Pour aller plus avant dans l'explicitation de ces formes de relations qui vous paraissent fondamentales car elles constituent pour nous l'essence même de la signification, il convient d'expliciter la monade, la dyade et la triade afin de mieux voir comment ces structures formelles sont imbriquées les unes dans les autres.

2.4.2 Une qualité générale, nous l'avons vu, est une et sans parties : d'une chose rouge on peut dire qu'elle est rouge, ou plutôt que le rouge est en elle. Elle pourrait être à demi rouge (et donc porter d'autres couleurs) mais elle ne peut être rouge à demi ; le rouge ne se divise pas. En cela, toute qualité générale est une monade, c'est à dire une unité fermée, n'entretenant aucune relation susceptible de l'altérer comme qualité : le rouge d'une chose peut perdre ou gagner en vivacité mais la chose restera rouge jusqu'au point ou plus aucun rayon lumineux issu d'elle ou réfléchi par elle n'appartiendra à une certaine fréquence lumineuse. La monade ne peut qu'être constatée ; elle apparaît comme l'ultime division de l'analyse de nos perceptions ; nous ne pouvons aller au-delà. Cela tient à la forme de relation qui la caractérise qui est uniquement réflexive, c'est-à-dire qu'elle ne peut entretenir de relations qu'avec elle même. Elle peut donc seulement être identifiée avec ses manifestations antérieures lorsqu'elle est perçue : telle chose est rouge, telle autre aussi, une troisième chose l'était ; chaque rouge particulier perçu incarne (ou incarnait) cette qualité générale, la matérialise mais, du point de vue phénoménologique, c'est toujours decla même qualité dont il est question.

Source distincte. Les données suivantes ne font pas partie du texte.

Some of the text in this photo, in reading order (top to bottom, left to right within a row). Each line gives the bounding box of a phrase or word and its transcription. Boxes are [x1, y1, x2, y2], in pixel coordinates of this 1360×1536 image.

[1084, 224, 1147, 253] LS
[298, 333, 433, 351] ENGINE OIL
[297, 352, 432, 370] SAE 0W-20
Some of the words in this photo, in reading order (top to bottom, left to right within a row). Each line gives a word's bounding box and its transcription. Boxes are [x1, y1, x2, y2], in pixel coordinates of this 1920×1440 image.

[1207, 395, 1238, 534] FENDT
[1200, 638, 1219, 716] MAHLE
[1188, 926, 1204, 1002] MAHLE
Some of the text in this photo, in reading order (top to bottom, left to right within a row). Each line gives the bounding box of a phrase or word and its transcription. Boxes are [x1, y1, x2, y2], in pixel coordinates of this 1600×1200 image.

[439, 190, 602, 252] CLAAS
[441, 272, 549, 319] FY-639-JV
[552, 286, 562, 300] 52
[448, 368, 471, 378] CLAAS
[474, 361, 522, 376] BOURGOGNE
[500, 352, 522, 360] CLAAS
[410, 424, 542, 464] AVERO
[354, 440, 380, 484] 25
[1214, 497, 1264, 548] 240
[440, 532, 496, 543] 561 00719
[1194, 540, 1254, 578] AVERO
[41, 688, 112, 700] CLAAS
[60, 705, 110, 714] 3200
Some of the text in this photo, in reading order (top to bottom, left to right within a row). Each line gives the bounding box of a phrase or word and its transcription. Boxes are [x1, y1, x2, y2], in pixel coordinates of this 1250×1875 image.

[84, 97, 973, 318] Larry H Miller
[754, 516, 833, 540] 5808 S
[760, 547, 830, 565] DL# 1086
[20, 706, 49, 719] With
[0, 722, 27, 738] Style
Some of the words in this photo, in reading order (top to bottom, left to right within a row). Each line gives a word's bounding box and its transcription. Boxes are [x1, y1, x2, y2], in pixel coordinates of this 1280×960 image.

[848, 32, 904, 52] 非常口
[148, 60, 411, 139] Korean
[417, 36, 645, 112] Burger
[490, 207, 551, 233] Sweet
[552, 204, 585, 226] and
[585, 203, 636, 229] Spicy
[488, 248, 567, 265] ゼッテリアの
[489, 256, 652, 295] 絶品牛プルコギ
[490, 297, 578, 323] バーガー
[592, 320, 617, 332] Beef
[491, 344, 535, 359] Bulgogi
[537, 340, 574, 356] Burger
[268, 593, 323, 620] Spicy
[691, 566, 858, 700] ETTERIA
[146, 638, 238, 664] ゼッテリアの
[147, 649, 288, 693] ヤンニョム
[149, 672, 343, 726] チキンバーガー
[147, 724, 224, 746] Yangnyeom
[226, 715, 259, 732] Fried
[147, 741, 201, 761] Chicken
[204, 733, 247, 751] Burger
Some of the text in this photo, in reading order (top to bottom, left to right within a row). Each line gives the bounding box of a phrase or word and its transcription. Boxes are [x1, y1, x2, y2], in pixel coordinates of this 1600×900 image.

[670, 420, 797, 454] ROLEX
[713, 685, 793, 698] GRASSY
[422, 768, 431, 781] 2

2.4.3 La dyade est la forme de relation spécifique d'un fait ou d'un existant car factualité et existence consistent en oppositions, actions-réactions. C'est la raison pour laquelle l'analyse formelle pourra toujours y distinguer deux choses constitutives qui dans le fait, en un certain sens, ne font plus qu'une. Nous avons vu l'exemple du carreau de marbre et de la perceuse liés par le fait "trou dans le carreau". Il n'y a pas d'une part un carreau de marbre et d'autre part une perceuse ; le trou est un fait authentiquement dyadique dans la mesure ou il requiert pour être ce qu'il est et le carreau de marbre et la perceuse. Maintenant chacune de ces deux choses est une entité qui a sa qualité sui generis (qualités anomiques dans chaque cas : la qualité générale qui caractérise le mode d'être universel des carreaux de marbre n'est pas nommée par la langue, pas plus que celle des perceuses). Le fait "trou" unit ces deux qualités en une entité formelle d'ordre supérieur, la dyade. Quant à une chose matérielle seule regardée comme un existant, c'est-à-dire comme s'opposant à d'autres choses, ici et maintenant, elle relève pour cette raison du même schéma formel que le fait.

2.4.4 Le cas de la triade est plus complexe. Nous avons vu que sa nécessité était apparue avec la communication d'un concept. Elle répond à la forme de relations par laquelle l'esprit appréhende le monde extérieur, c'est à dire le monde des faits et des existants dyadiques. Donc nécessairement l'un des termes de la triade sera de l'ordre de l'esprit, non du spirituel, mais aura à voir avec la détermination d'un esprit. Nous voulons dire par là ce qu'est un esprit quelconque lorsque des faits, des existants ou des classes de faits ou d'existants y sont présents. De plus la triade incorporera nécessairement encore une dyade : c'est ce formalisme qui permettra de capter le mode d'appréhension des formes dyadiques du monde extérieur par les formes triadiques du monde intérieur. Mais sous quel rapport ? Nous verrons plus loin toutes les possibilités pour une forme triadique d'incorporer des formes dyadiques authentiques ou dégénérées et des formes monadiques. A l'étape actuelle nous constatons l'imbrication nécessaire des trois formes de relation évoquées ci-dessus; Elles nous ont permis de décrire les phénomènes de la communication publicitaire en nous contraignant à prendre en compte des niveaux phénoménologiques qui peuvent ne pas apparaître au premier abord. Nous allons expliciter cette démarche sur un nouvel exemple particulièrement adéquat à ce propos.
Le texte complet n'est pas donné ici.